→ **What this task involves**
If a record contains a picture, leave the picture out and reproduce everything else exactly.

+ + +

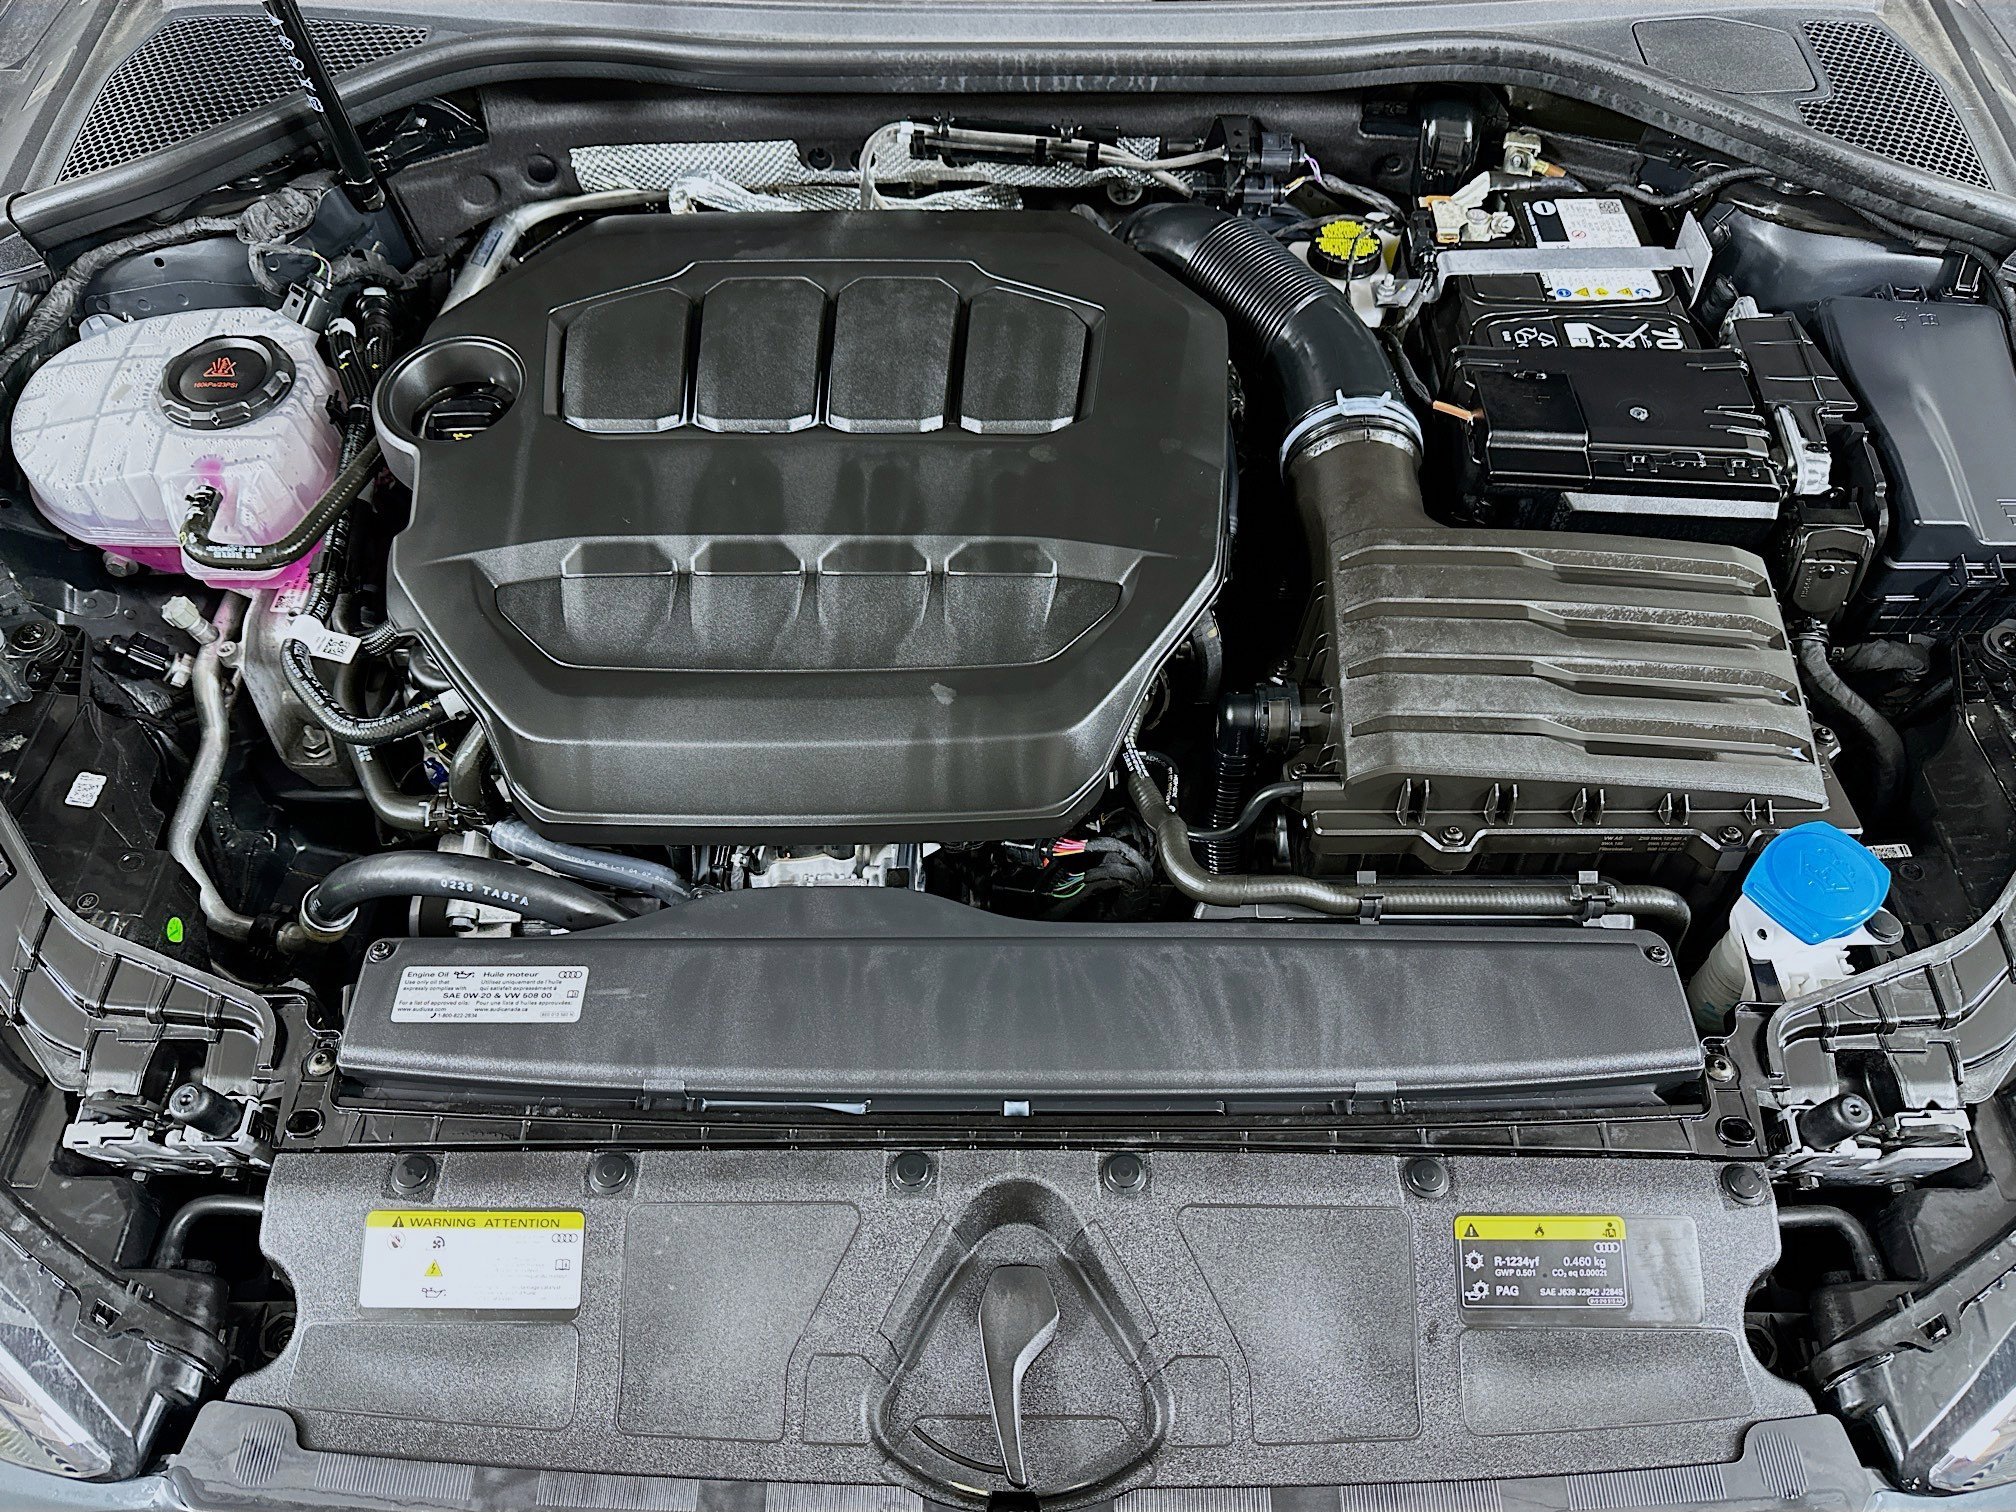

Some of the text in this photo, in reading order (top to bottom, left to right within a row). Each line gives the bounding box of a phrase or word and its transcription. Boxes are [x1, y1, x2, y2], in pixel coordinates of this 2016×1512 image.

[1651, 327, 1684, 349] 70
[410, 1218, 560, 1228] WARNING ATTENTION
[1494, 1256, 1606, 1268] R-1234yf 0.460 kg
[1495, 1269, 1514, 1277] GWP
[1515, 1269, 1536, 1277] 0.501
[1568, 1270, 1578, 1278] eq
[1579, 1269, 1608, 1277] 0.0002t
[1496, 1286, 1623, 1296] PAG SAE J639 J2842 J2845

+ + +

→ **Answer for the task**
Some of the text in this photo, in reading order (top to bottom, left to right within a row). Each line gives the bounding box of a phrase or word and its transcription. Boxes are [x1, y1, x2, y2], in pixel coordinates of this 2016×1512 image.

[1651, 327, 1684, 349] 70
[410, 1218, 560, 1228] WARNING ATTENTION
[1494, 1256, 1606, 1268] R-1234yf 0.460 kg
[1495, 1269, 1514, 1277] GWP
[1515, 1269, 1536, 1277] 0.501
[1568, 1270, 1578, 1278] eq
[1579, 1269, 1608, 1277] 0.0002t
[1496, 1286, 1623, 1296] PAG SAE J639 J2842 J2845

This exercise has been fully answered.